Exploiting Deep Prior and Bitstream Prior for Visual Data Enhancement

利用深度先驗和比特流先驗進行視覺數據增強

Student thesis: Doctoral Thesis

View graph of relations

Author(s)

Related Research Unit(s)

Detail(s)

Awarding Institution
Supervisors/Advisors
Award date4 May 2023

Abstract

Visual data plays a dominant role in diverse application scenarios, such as medical imaging, robot vision, and augmented reality. However, various degradations are inevitably introduced into the visual data because of practical constraints, including the limitation of captured devices, lossy compression, and unstable transmission bandwidth, which degrade their perceptual quality for human viewing or utilities on downstream tasks. Thus, this thesis focuses on visual data enhancement by fully considering the deep priors learned from neural networks and the potential exploitation of off-the-shelf bitstream priors. It mainly consists of three parts: 1) compressed domain deep video super-resolution; 2) standard dynamic range television video to high dynamic range conversion; 3) occupancy map guided attributes deblocking for video-based point cloud compression. The first one seeks to pioneer compressed video enhancement by introducing super-resolution on the decoder side. The second one aims to enhance existing SDR videos for vividly playing on upcoming HDR devices. The last one is studied to improve the quality of compressed point clouds, which is promising for next-generation immersive and realistic communication.

The first one investigates a novel approach for compressed domain deep video super-resolution (SR) via jointly leveraging the coding and deep priors. By directly exploiting the diverse and ready-made spatial and temporal coding priors (e.g., partition maps and motion vectors) extracted effortlessly from the video bitstream, the video SR in the compressed domain allows us to accurately reconstruct the high-resolution video with high flexibility and substantially economized computational complexity.

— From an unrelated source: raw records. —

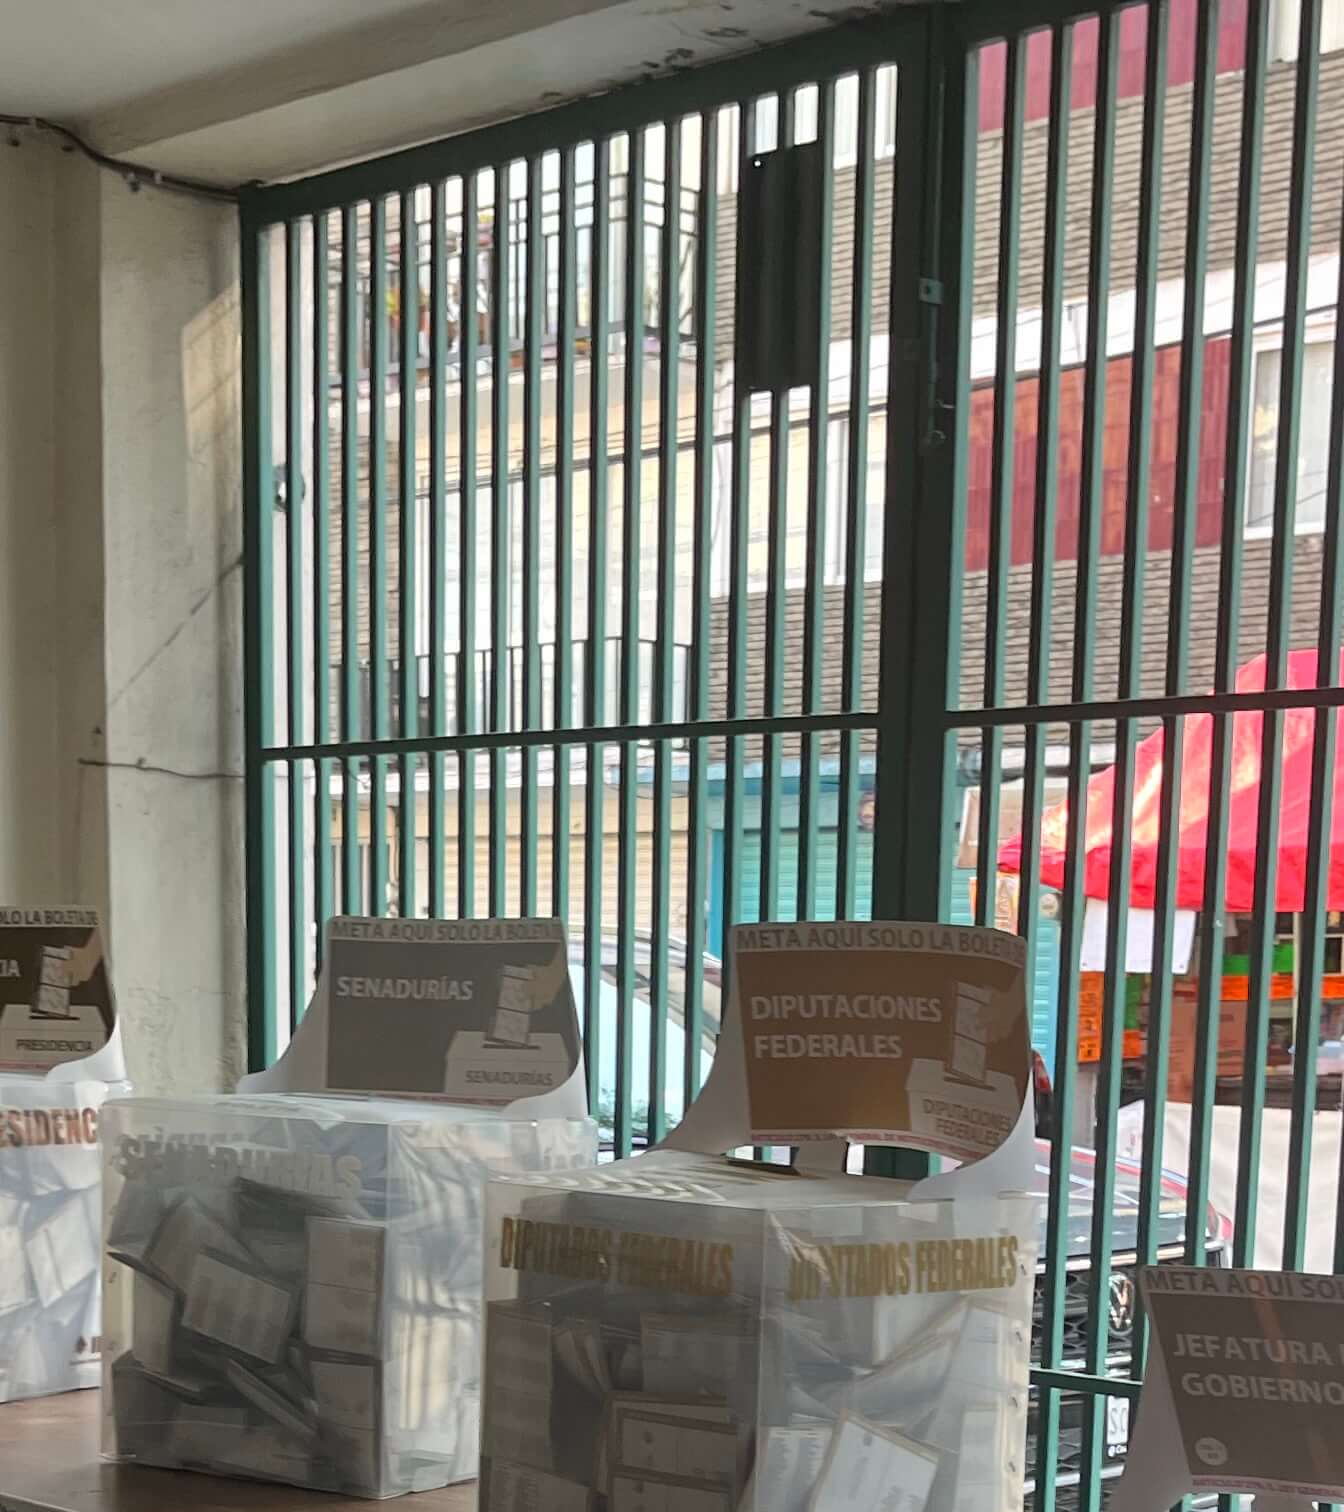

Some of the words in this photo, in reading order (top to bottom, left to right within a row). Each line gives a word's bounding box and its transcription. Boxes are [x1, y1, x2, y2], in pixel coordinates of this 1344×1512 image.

[333, 920, 385, 938] META
[438, 924, 480, 941] SOLO
[737, 928, 801, 949] META
[868, 928, 923, 950] SOLO
[928, 930, 954, 951] LA
[336, 974, 474, 1001] SENADURÍAS
[750, 994, 943, 1023] DIPUTACIONES
[754, 1034, 903, 1059] FEDERALES
[916, 1235, 1019, 1294] FEDERALES
[1145, 1269, 1219, 1294] META
[1172, 1332, 1334, 1368] JEFATURA

Specifically, a Guided Spatial Feature Transform (GSFT) layer is proposed to modulate prior features in a fine-grained and content-adaptive manner. To incorporate the temporal coding prior, a guided soft alignment scheme is designed to generate local attention off-sets for decoded motion vector compensation. To promote the compressed domain video SR research, a novel Compressed Video with Coding Prior (CVCP) dataset is built, including decoded LR videos of diverse content and various coding priors extracted from the bitstream. Finally, extensive experimental results demonstrate the effectiveness of coding priors in compressed domain video SR.

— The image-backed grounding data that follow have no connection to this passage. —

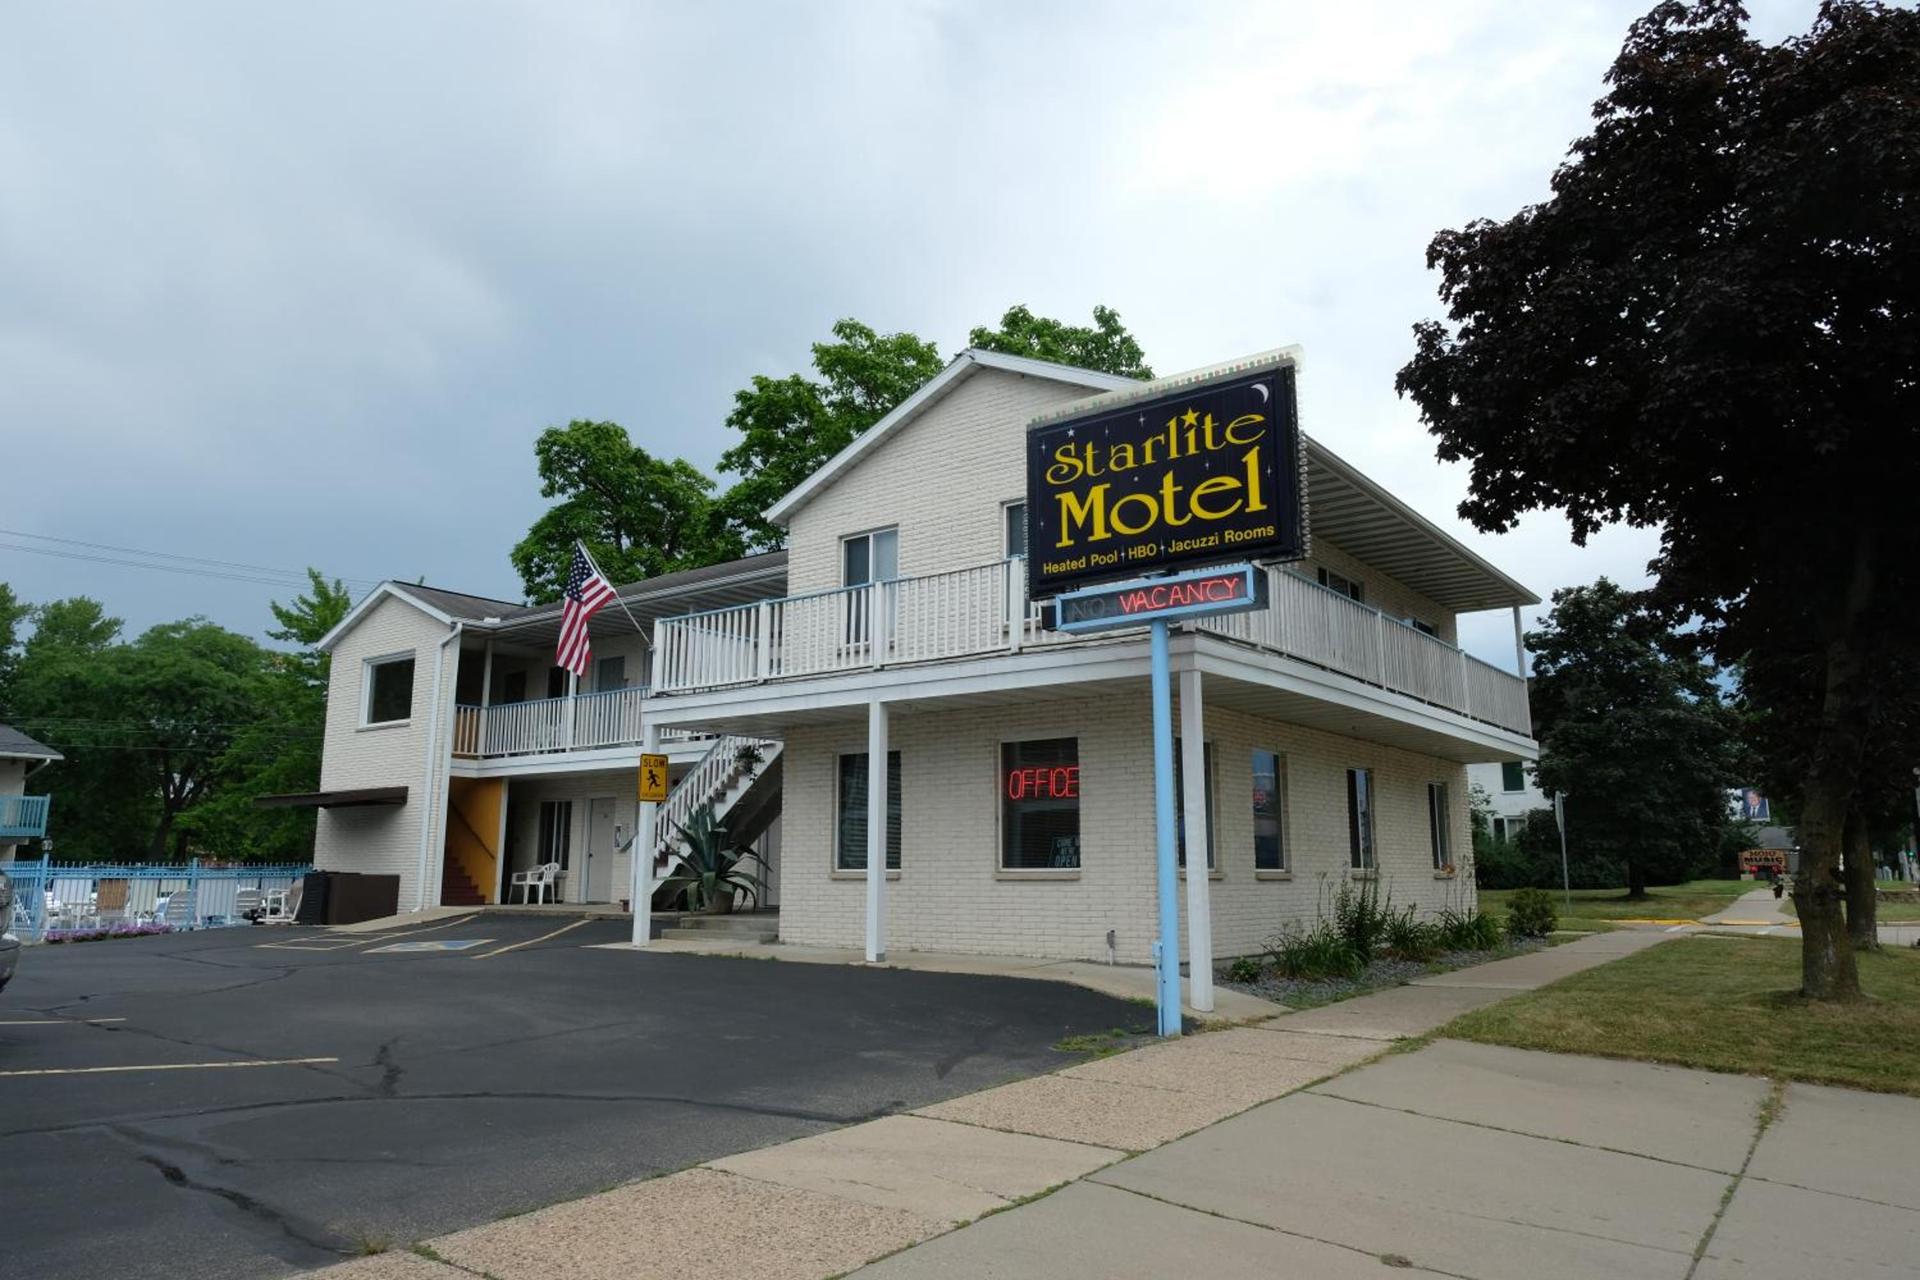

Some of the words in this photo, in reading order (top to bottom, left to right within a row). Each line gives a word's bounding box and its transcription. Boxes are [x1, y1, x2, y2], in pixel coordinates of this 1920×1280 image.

[1046, 408, 1266, 485] Starlite
[1055, 445, 1268, 548] Motel
[1043, 558, 1086, 575] Heated
[1091, 551, 1118, 567] Pool
[1128, 543, 1157, 560] HBO
[1168, 532, 1219, 553] Jacuzzi
[1224, 524, 1275, 543] Rooms
[1119, 577, 1239, 613] VACANCY
[643, 758, 665, 768] SLOW
[1009, 766, 1080, 799] OFFICE

The second one proposes a two-stage learning paradigm for faithfully driving the transformation from the existing standard dynamic range television (SDRTV) video content to the corresponding HDR television (HDRTV) counterpart, which adopts hybrid attention mechanisms to exploit spatial, channel-wise, and regional correlations fully. Specifically, in the first domain mapping stage, the Depth-wise Self-Attention (DSA) and Global Calibration Layer (GCL) are proposed, which adaptively leverage feature intra-relationships to construct better scene representation. In the second highlight generation stage, considering that the over-exposed regions always lead to detail loss which brings enormous challenges to the conversion, a Regional Self-Attention (RSA) module is proposed to restore missing highlights efficiently. Extensive experimental results on public databases exhibit that the proposed method outperforms state-of-the-art approaches in different quality evaluation measures.

The third one presents a deep-learning based attribute map enhancement method for compressed point cloud data, which fully leverages the potential bitsteam guidance in the occupancy map to conduct adaptive local feature modification and selective non-local attention. The occupancy map that screens out the padding pixels in the attribute map provides the model with conceivable clues in improving the point cloud quality. The proposed approach functions on the decoder side and can be feasibly incorporated into the V-PCC codec. Extensive evaluations show the effectiveness of the proposed method in artifact removal, and equivalently 5.0% BD-rate savings can be obtained.

Therefore, this thesis studies the enhancement of visual data in practical scenarios and promotes the development of more immersive and realistic interactions in various applications. The advantages of deep and bitstream prior are systematically and specifically studied to improve the performance of visual enhancement. Comprehensive evaluations validate the effectiveness of the proposed approaches, which will benefit various aspects of society that require visual data as the fundamental component, such as industry, entertainment, and healthcare.